■ Text-to-region grounding data ■
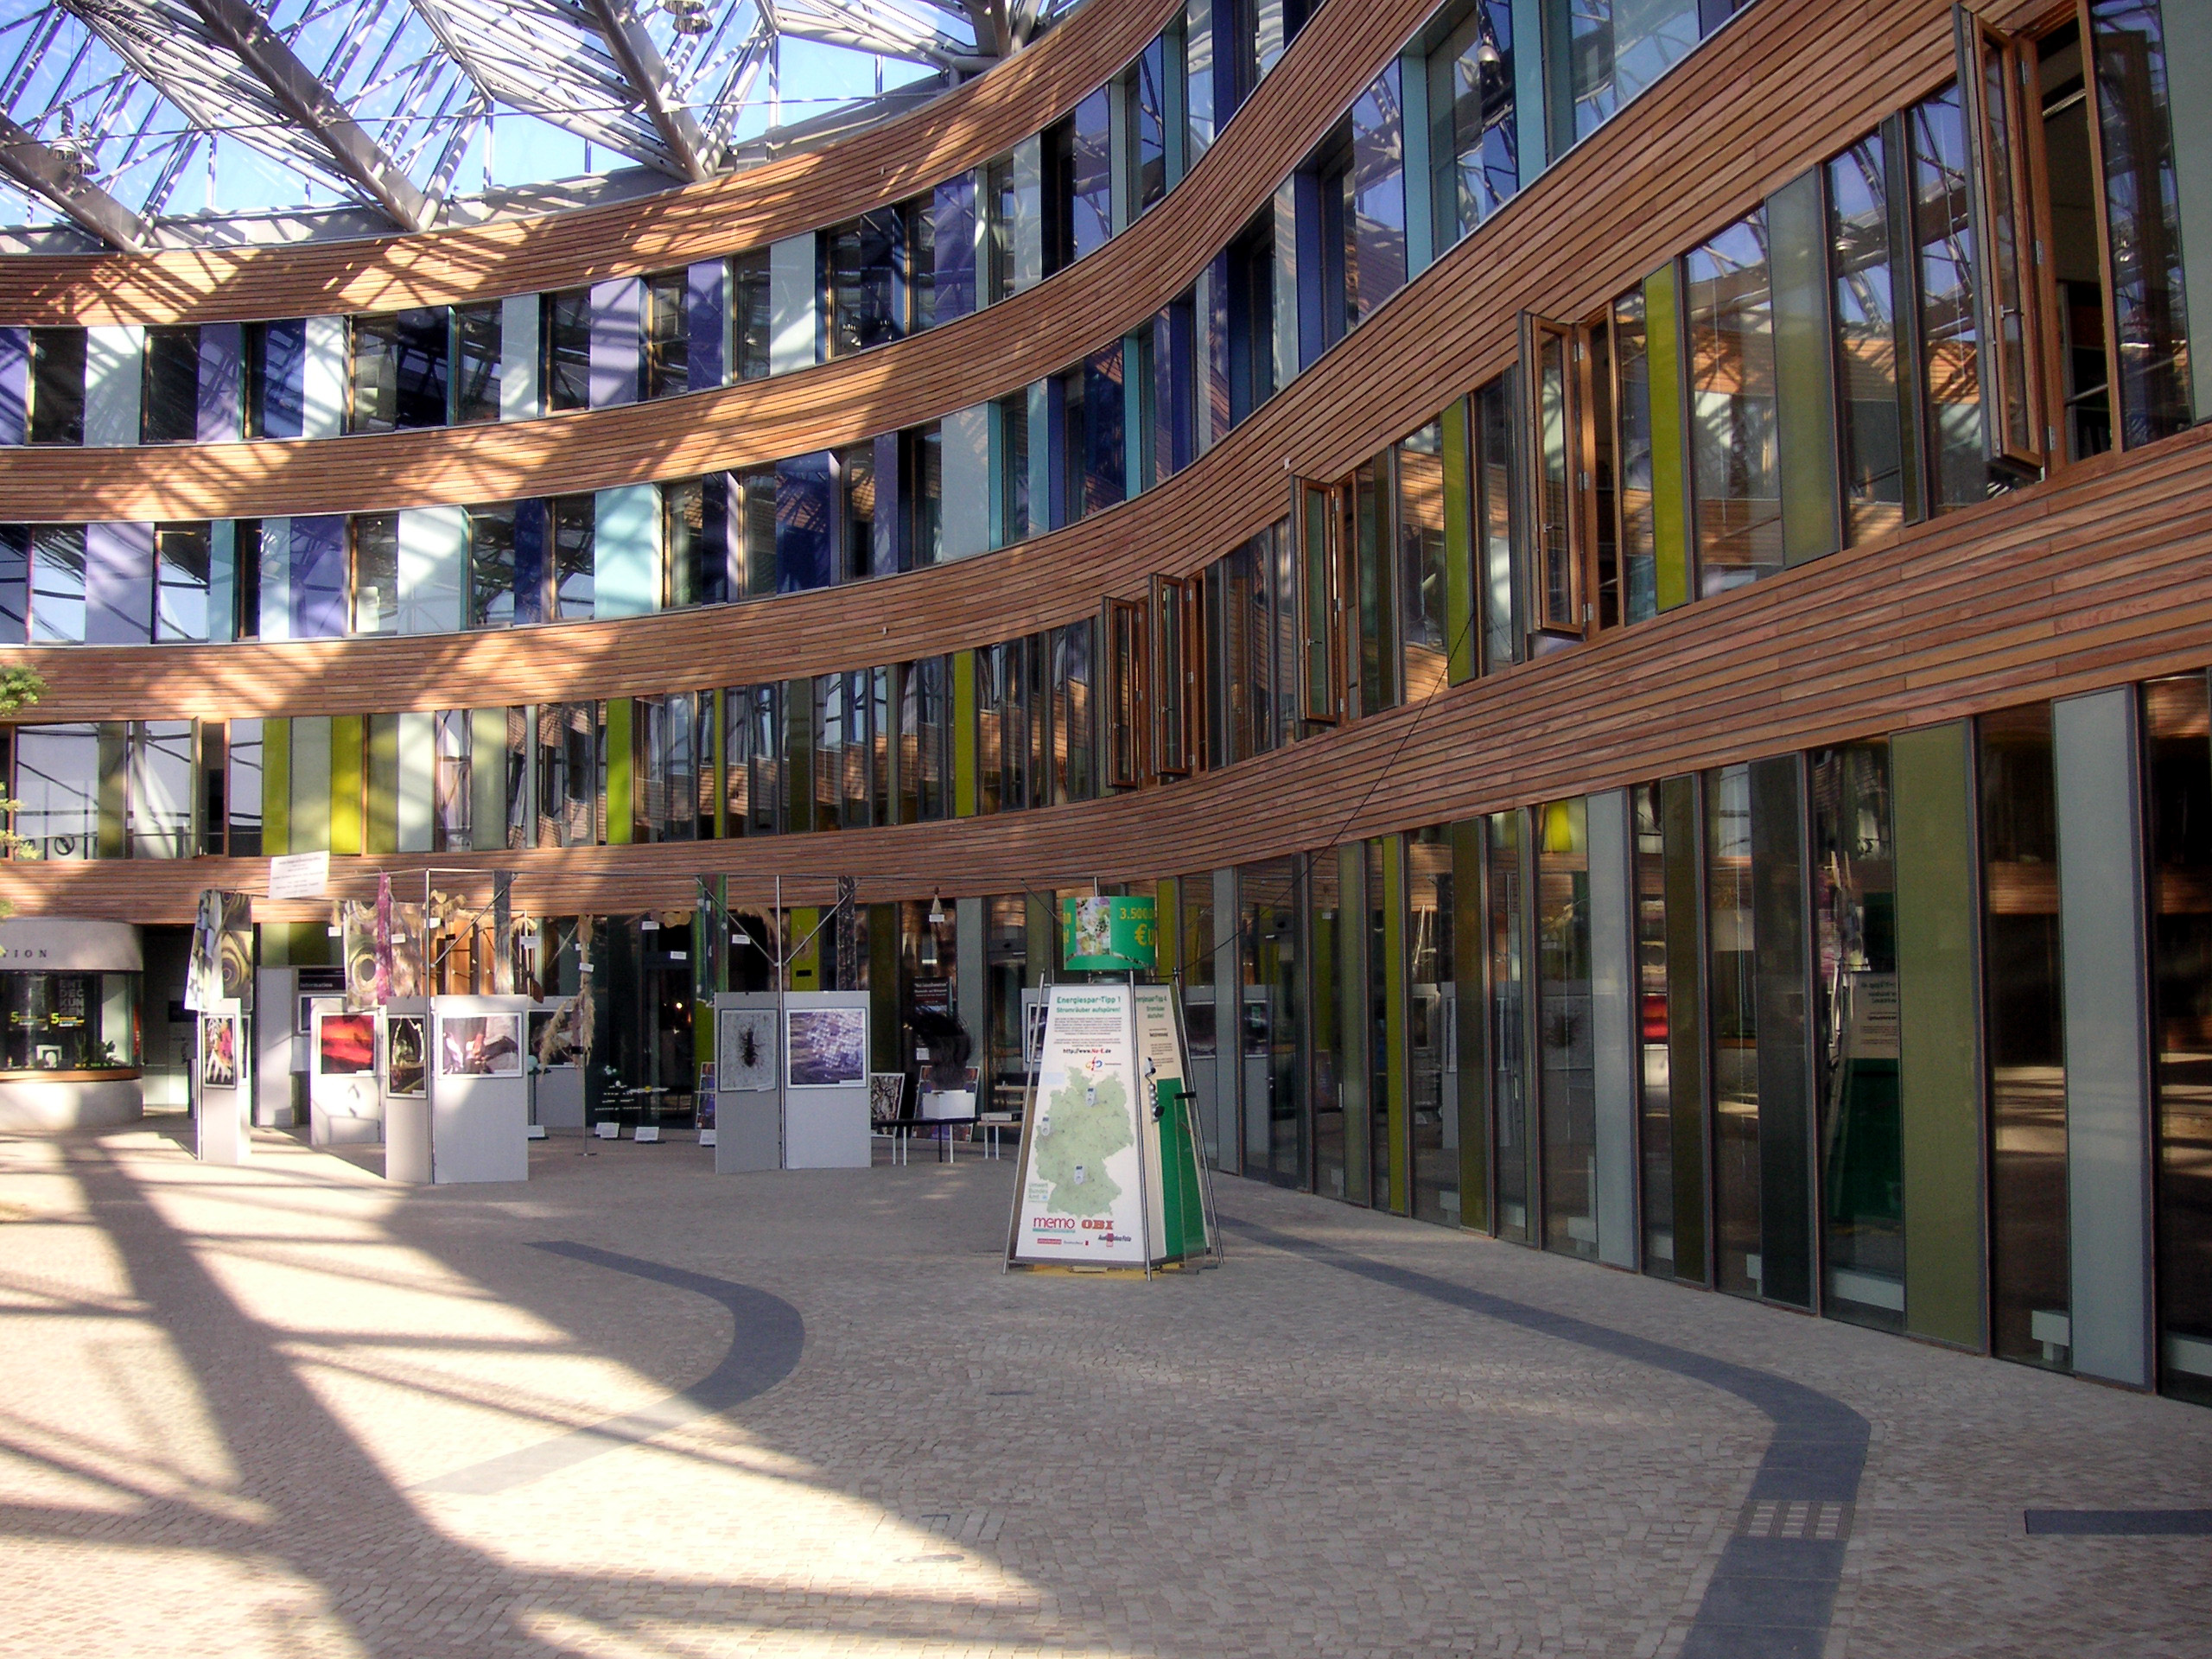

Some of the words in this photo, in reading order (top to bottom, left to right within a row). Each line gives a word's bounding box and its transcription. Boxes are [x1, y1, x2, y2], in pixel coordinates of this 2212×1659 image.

[1057, 996, 1116, 1005] Energiespar-Tipp
[1033, 1217, 1075, 1230] memo
[1081, 1219, 1115, 1230] OBI
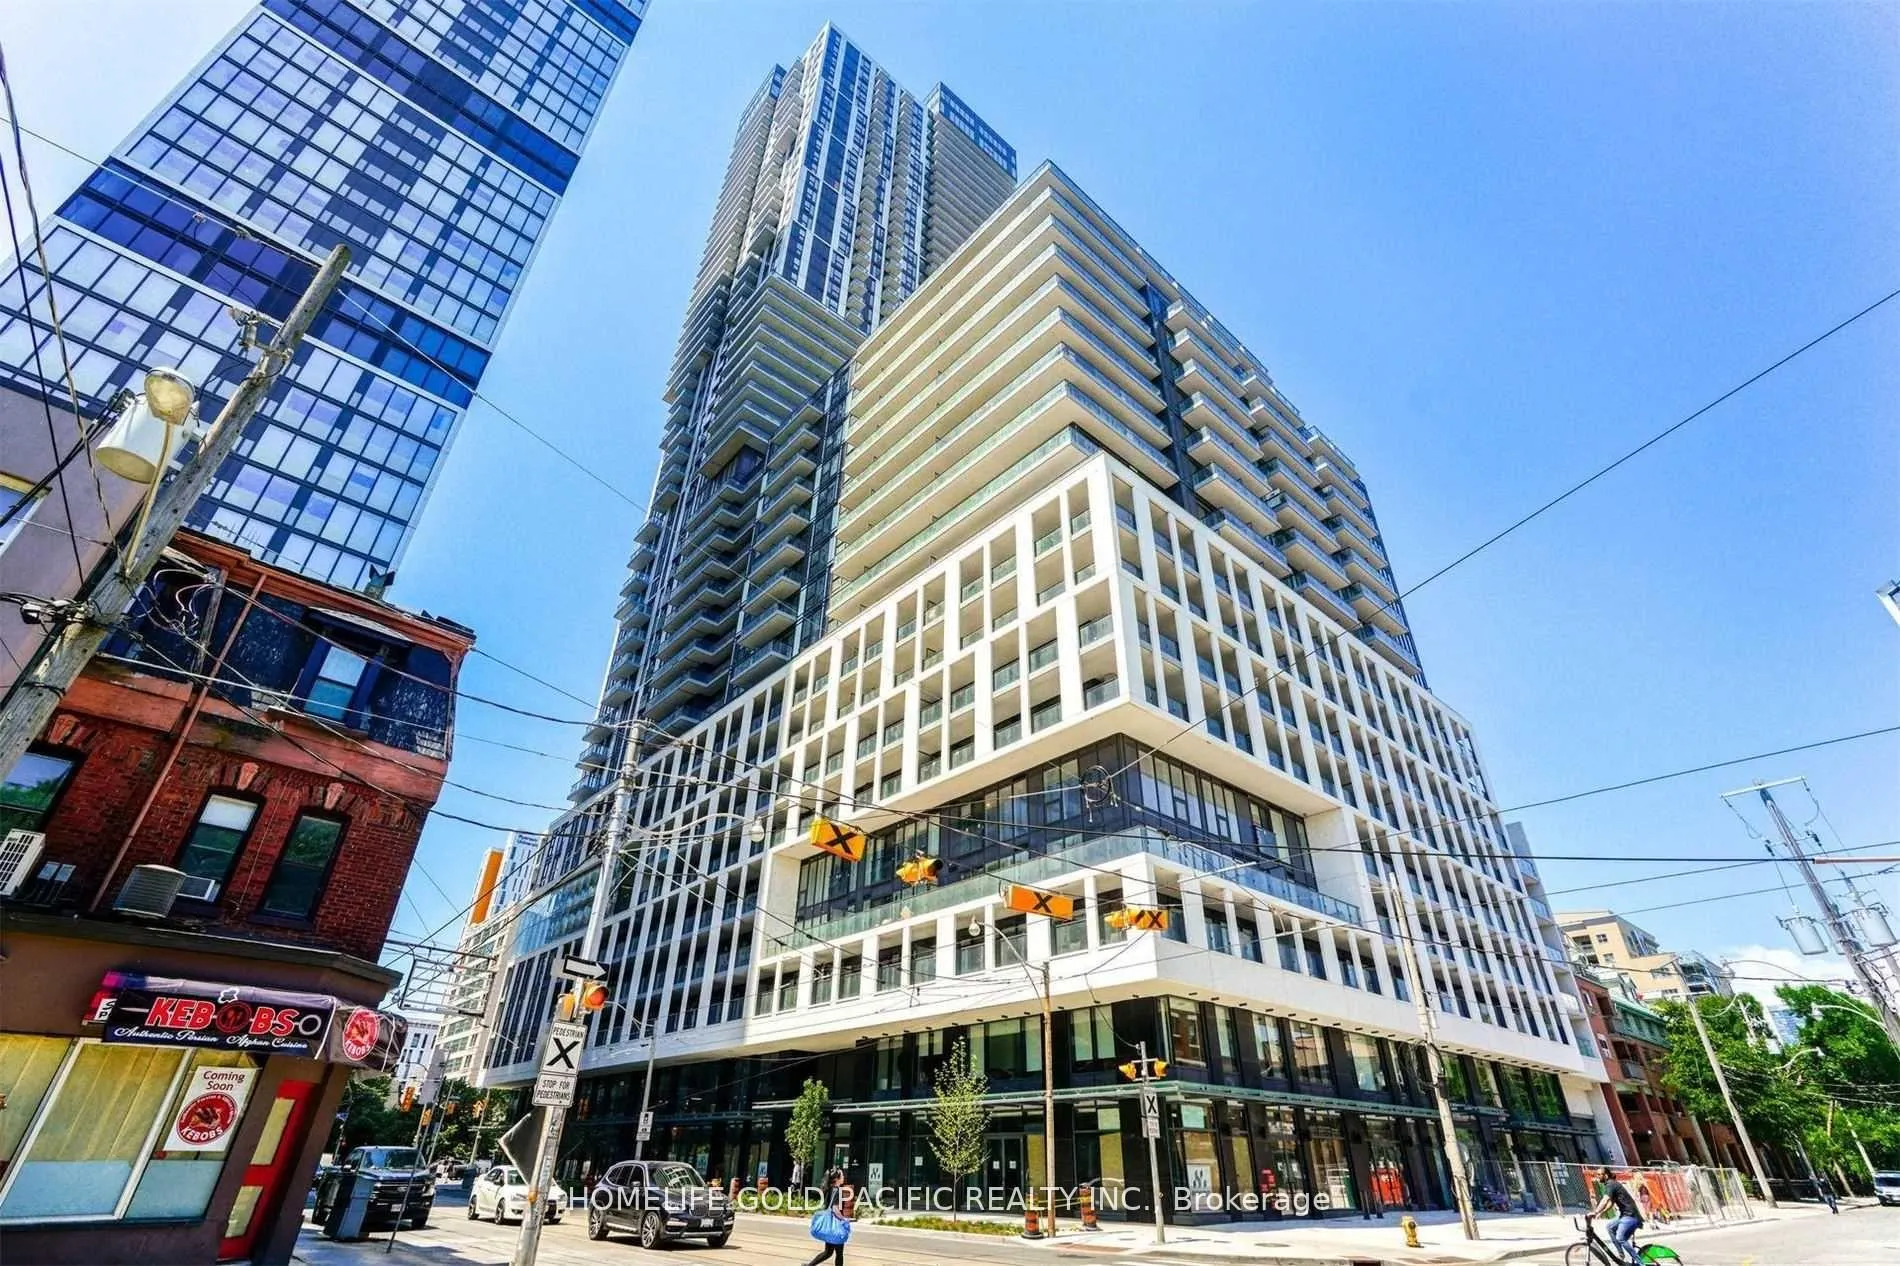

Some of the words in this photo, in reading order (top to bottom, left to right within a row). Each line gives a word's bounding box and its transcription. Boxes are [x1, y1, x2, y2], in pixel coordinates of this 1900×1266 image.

[114, 1026, 174, 1041] Authentic
[175, 1030, 219, 1043] Persian
[225, 1033, 270, 1048] Afghan
[271, 1038, 308, 1050] Cuisine
[553, 1026, 584, 1038] PEDESTRIAN
[203, 1070, 246, 1084] Coming
[206, 1080, 234, 1092] Soon
[542, 1079, 557, 1089] STOP
[559, 1080, 570, 1090] FOR
[536, 1089, 571, 1101] PEDESTRIANS
[180, 1126, 223, 1141] KEBOBS
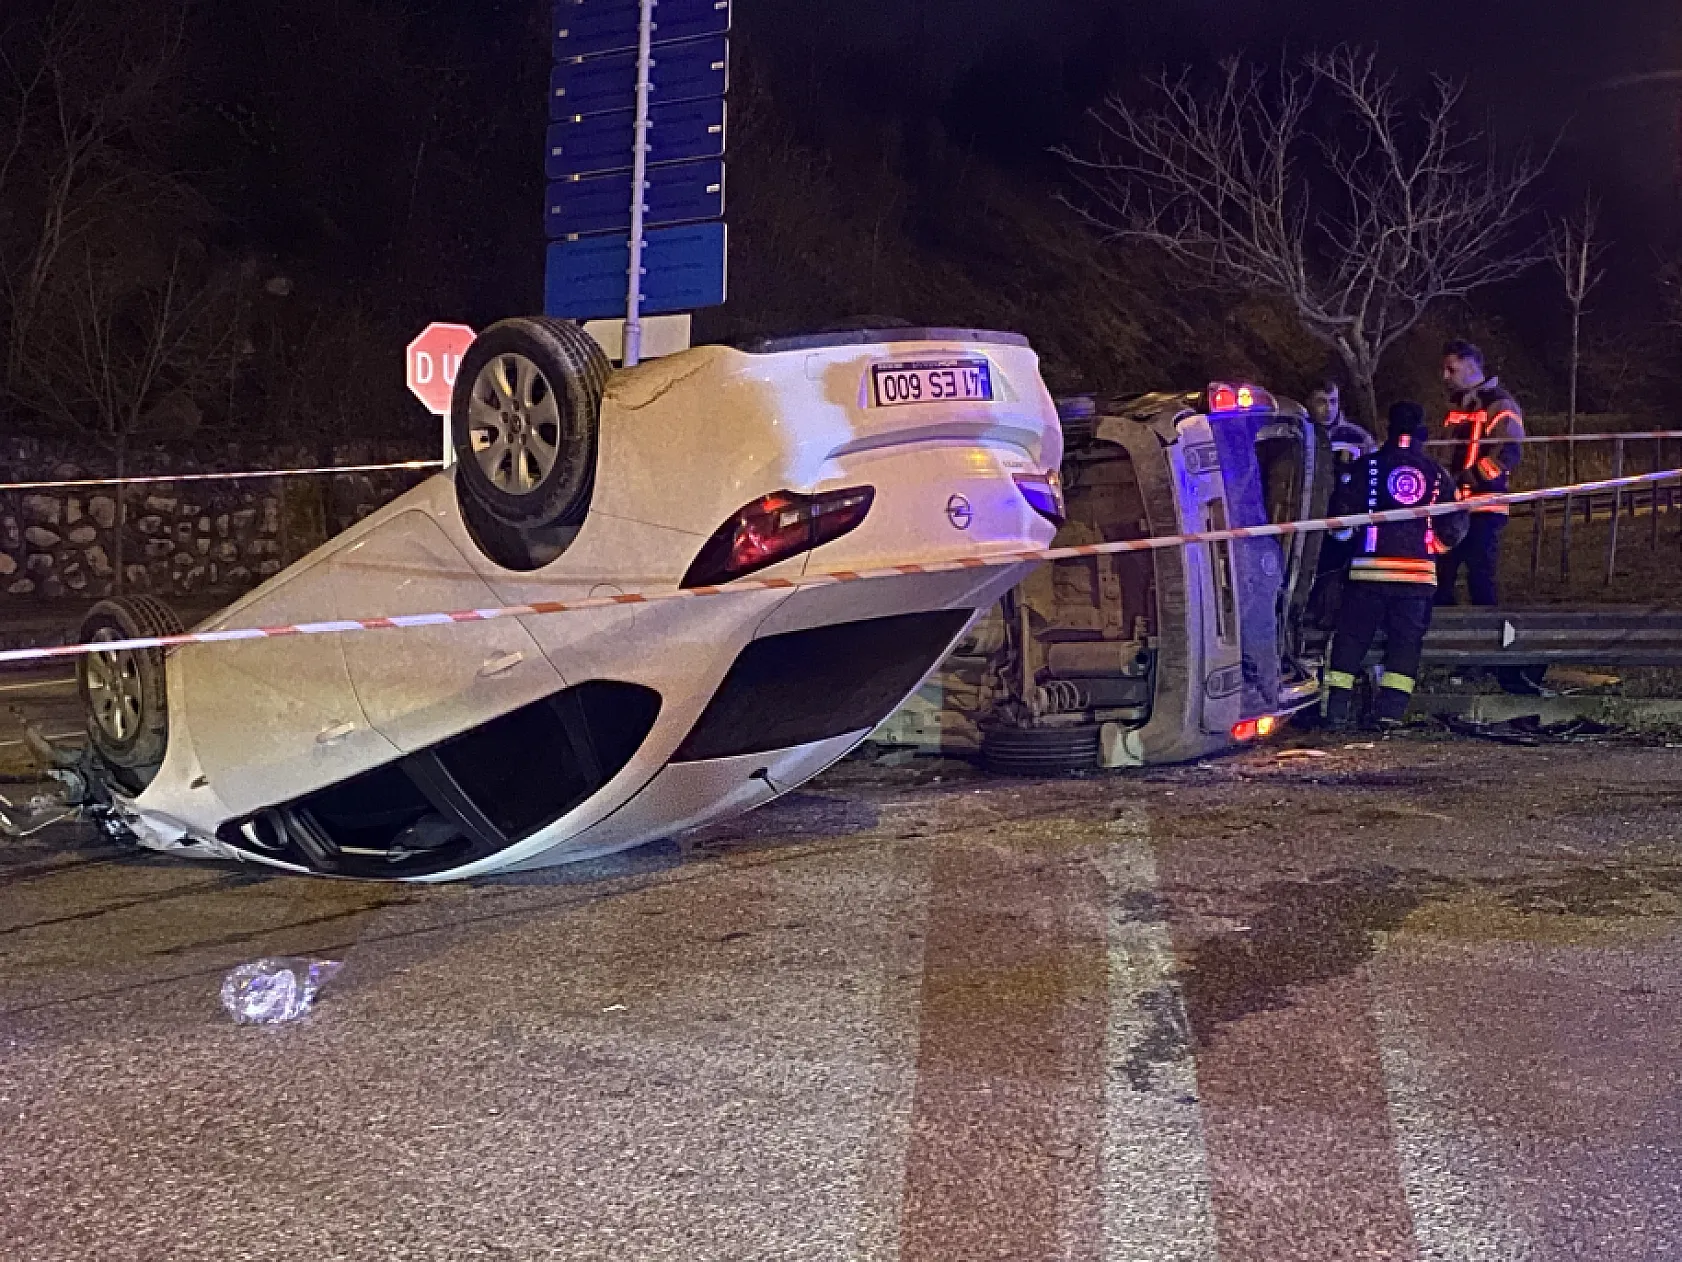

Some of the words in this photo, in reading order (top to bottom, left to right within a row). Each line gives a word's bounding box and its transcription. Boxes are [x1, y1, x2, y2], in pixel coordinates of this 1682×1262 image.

[416, 351, 462, 385] DU
[885, 373, 922, 402] 600
[929, 371, 957, 398] ES
[962, 370, 979, 396] 41

■ What to produce ■
Would you return all the data exactly as given, minus the pictures?

■ Output of the task ■
Some of the words in this photo, in reading order (top to bottom, left to right within a row). Each line gives a word's bounding box and its transcription. Boxes are [x1, y1, x2, y2], in pixel coordinates of this 2212×1659 image.

[1057, 996, 1116, 1005] Energiespar-Tipp
[1033, 1217, 1075, 1230] memo
[1081, 1219, 1115, 1230] OBI

Some of the words in this photo, in reading order (top to bottom, left to right within a row). Each line gives a word's bounding box and its transcription. Boxes are [x1, y1, x2, y2], in pixel coordinates of this 1900×1266 image.

[114, 1026, 174, 1041] Authentic
[175, 1030, 219, 1043] Persian
[225, 1033, 270, 1048] Afghan
[271, 1038, 308, 1050] Cuisine
[553, 1026, 584, 1038] PEDESTRIAN
[203, 1070, 246, 1084] Coming
[206, 1080, 234, 1092] Soon
[542, 1079, 557, 1089] STOP
[559, 1080, 570, 1090] FOR
[536, 1089, 571, 1101] PEDESTRIANS
[180, 1126, 223, 1141] KEBOBS

Some of the words in this photo, in reading order (top to bottom, left to right within a row). Each line gives a word's bounding box and its transcription. Boxes are [x1, y1, x2, y2], in pixel coordinates of this 1682×1262 image.

[416, 351, 462, 385] DU
[885, 373, 922, 402] 600
[929, 371, 957, 398] ES
[962, 370, 979, 396] 41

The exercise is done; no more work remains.